An exact copy of all the data is needed, with every picture left out.

[Items listed in a dataset]
__________________________________________________

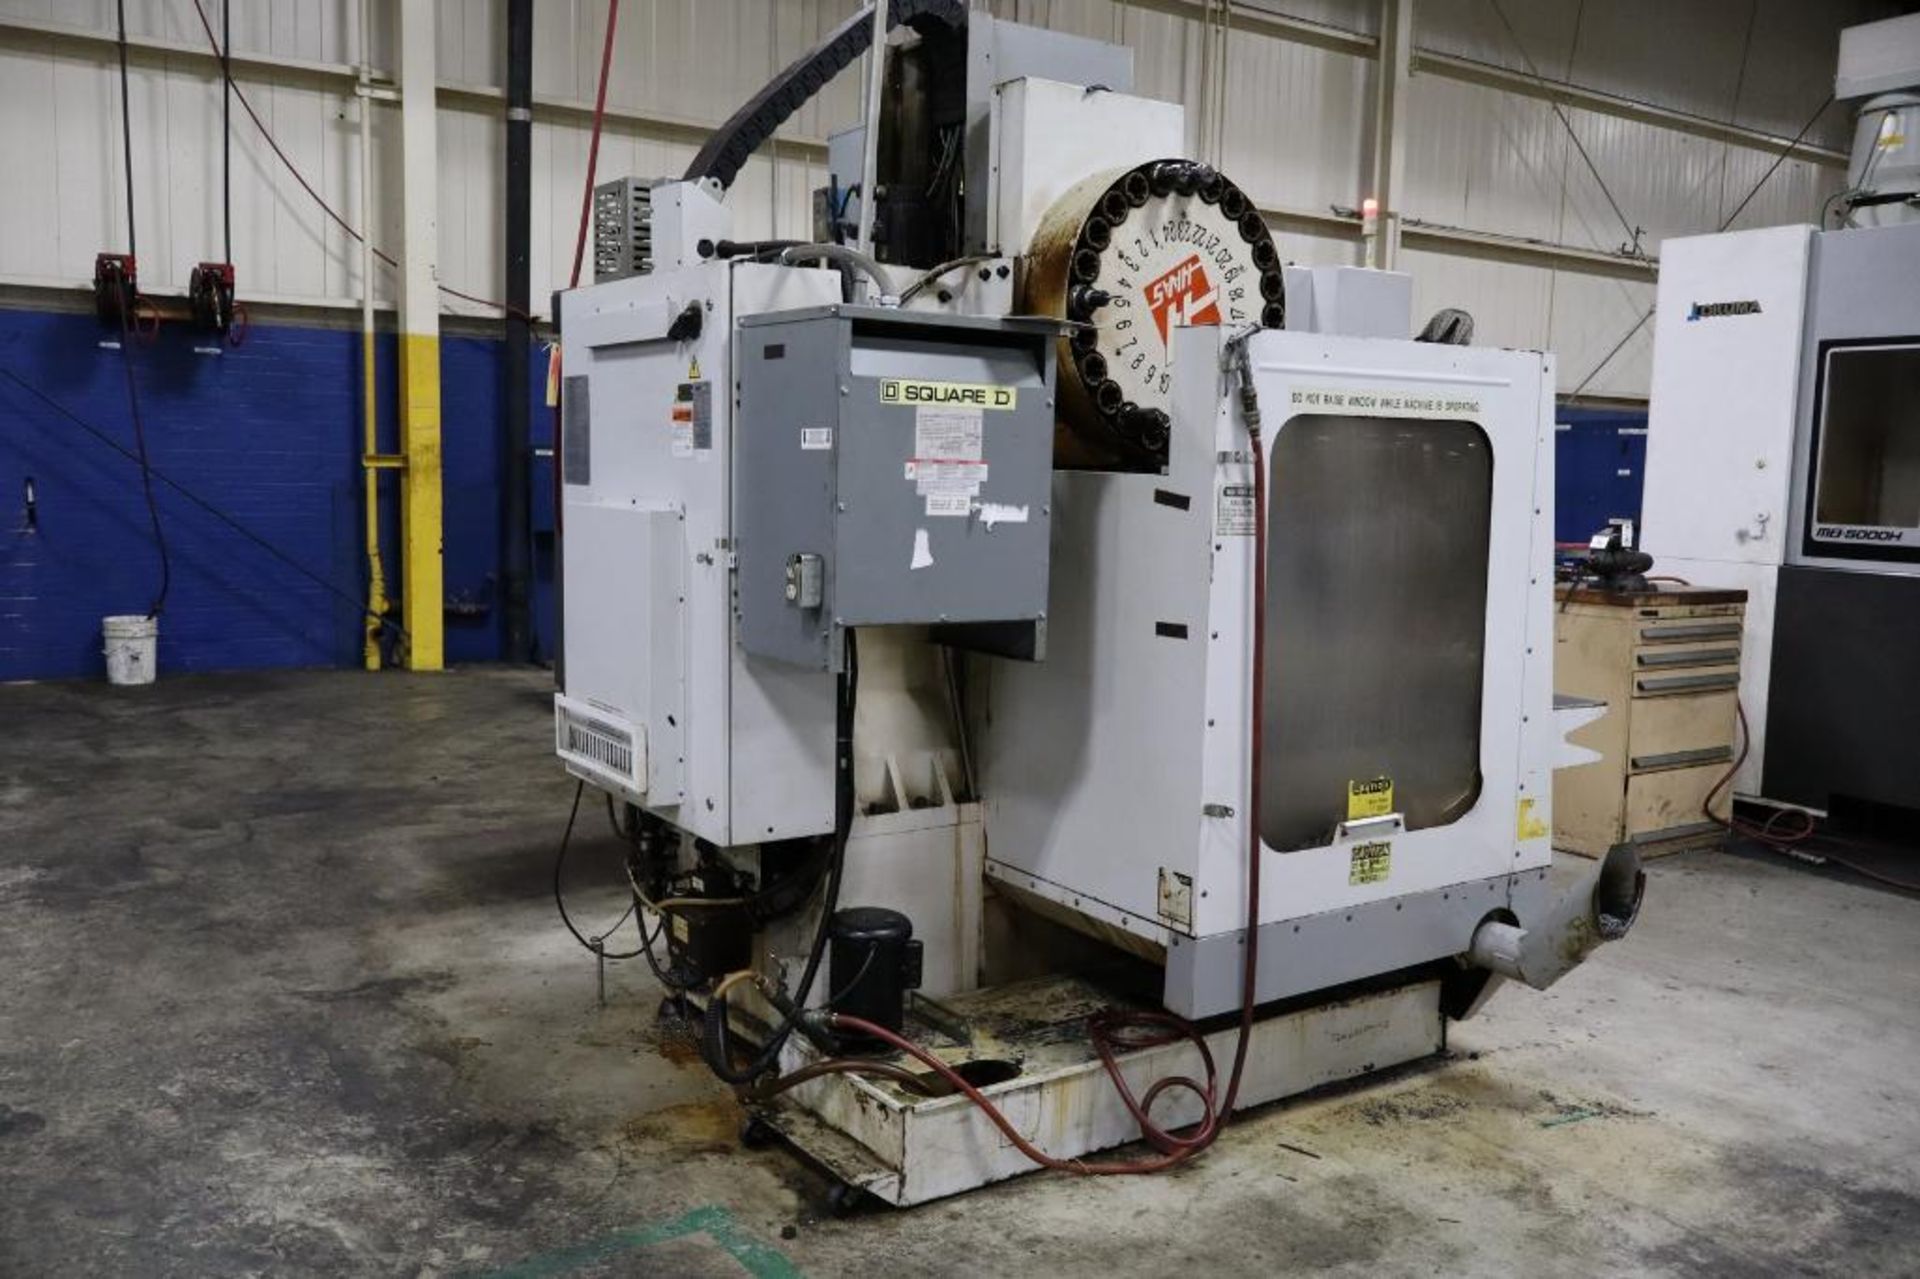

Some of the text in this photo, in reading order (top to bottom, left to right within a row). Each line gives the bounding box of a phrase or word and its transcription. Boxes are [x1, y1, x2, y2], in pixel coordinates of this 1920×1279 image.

[1135, 239, 1148, 257] 2
[1124, 256, 1139, 272] 3
[1116, 320, 1132, 331] 6
[1120, 336, 1138, 349] 7
[1130, 353, 1145, 370] 8
[1144, 365, 1156, 385] 9
[904, 385, 986, 404] SQUARE
[994, 390, 1011, 406] D
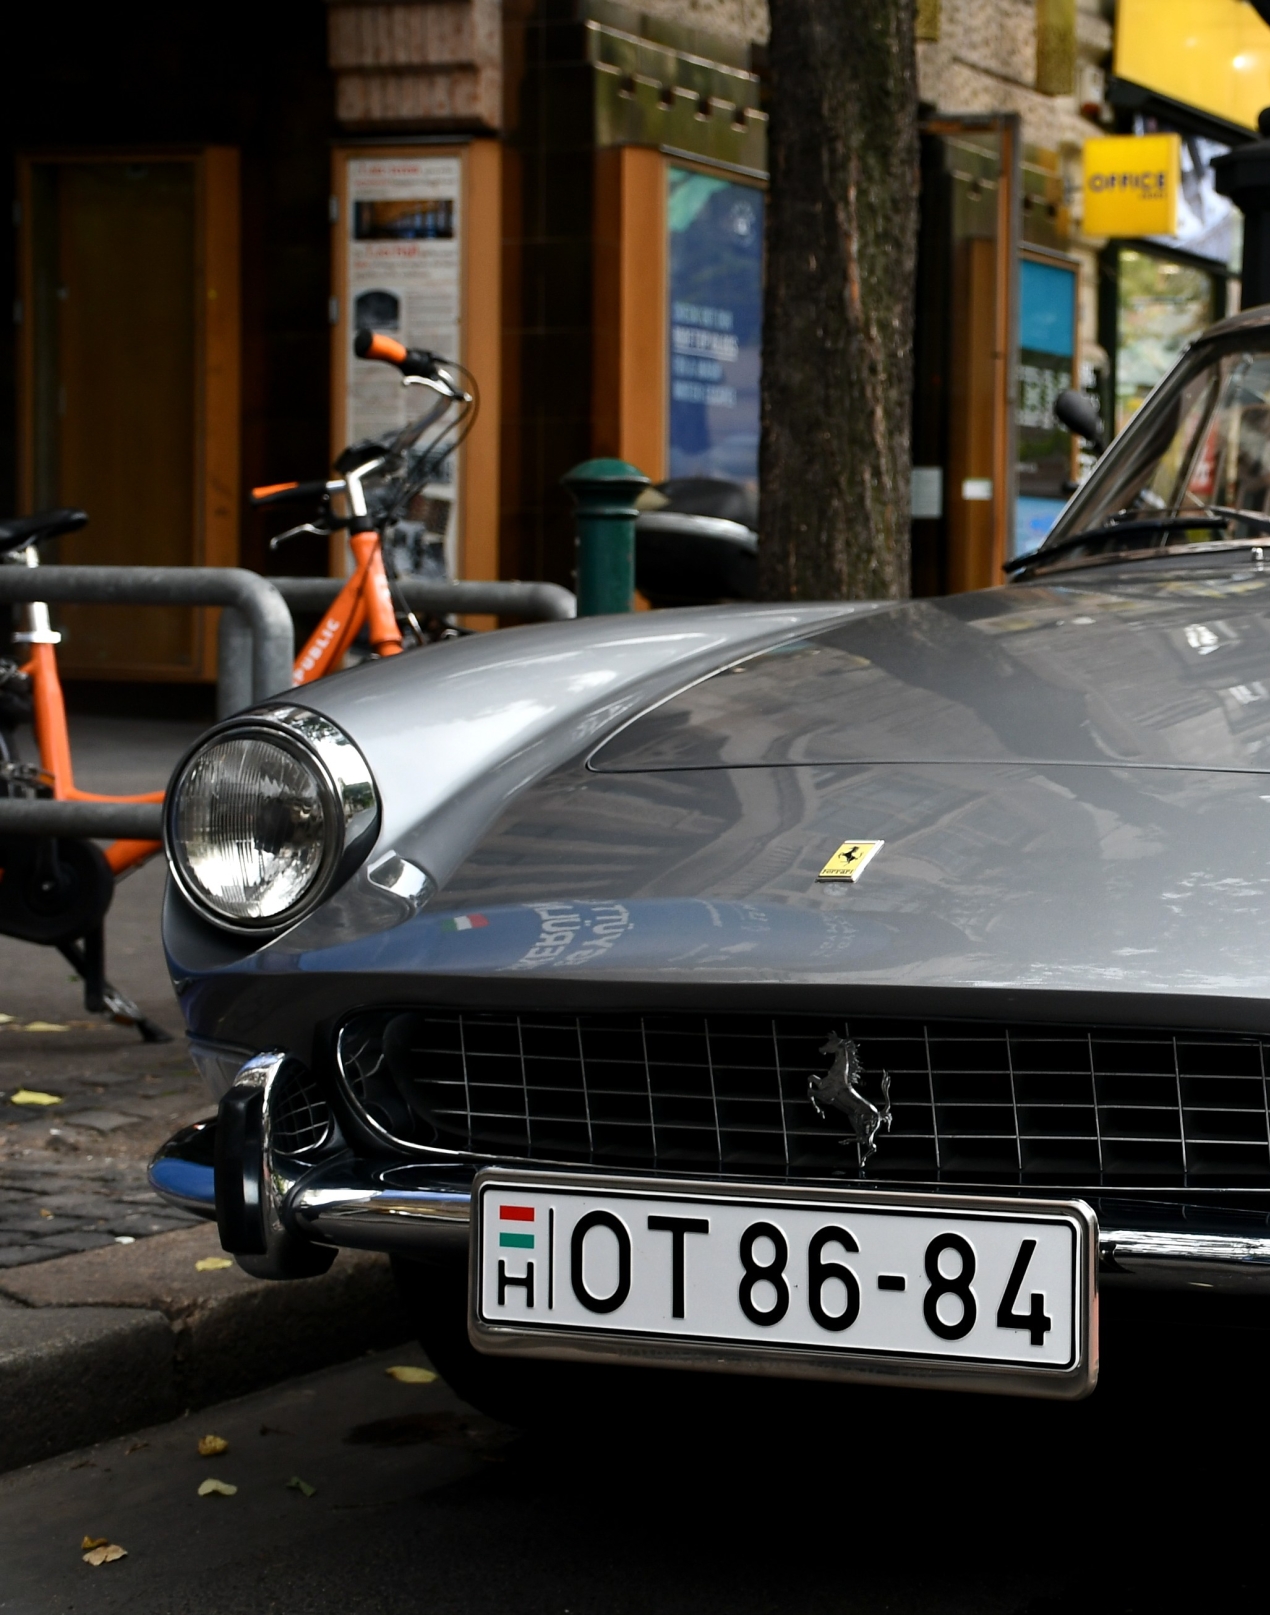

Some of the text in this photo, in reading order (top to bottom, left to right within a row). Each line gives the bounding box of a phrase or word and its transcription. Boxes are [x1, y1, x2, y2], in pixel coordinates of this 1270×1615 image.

[1089, 173, 1165, 192] OFFICE
[292, 618, 340, 688] PUBLIC
[497, 1259, 535, 1308] H
[570, 1209, 1052, 1347] OT 86-84

__________________________________________________

= TASK RESPONSE =
Some of the text in this photo, in reading order (top to bottom, left to right within a row). Each line gives the bounding box of a phrase or word and its transcription. Boxes are [x1, y1, x2, y2], in pixel coordinates of this 1920×1279 image.

[1135, 239, 1148, 257] 2
[1124, 256, 1139, 272] 3
[1116, 320, 1132, 331] 6
[1120, 336, 1138, 349] 7
[1130, 353, 1145, 370] 8
[1144, 365, 1156, 385] 9
[904, 385, 986, 404] SQUARE
[994, 390, 1011, 406] D

Some of the text in this photo, in reading order (top to bottom, left to right within a row). Each line gives the bounding box of a phrase or word and its transcription. Boxes are [x1, y1, x2, y2], in pixel coordinates of this 1270×1615 image.

[1089, 173, 1165, 192] OFFICE
[292, 618, 340, 688] PUBLIC
[497, 1259, 535, 1308] H
[570, 1209, 1052, 1347] OT 86-84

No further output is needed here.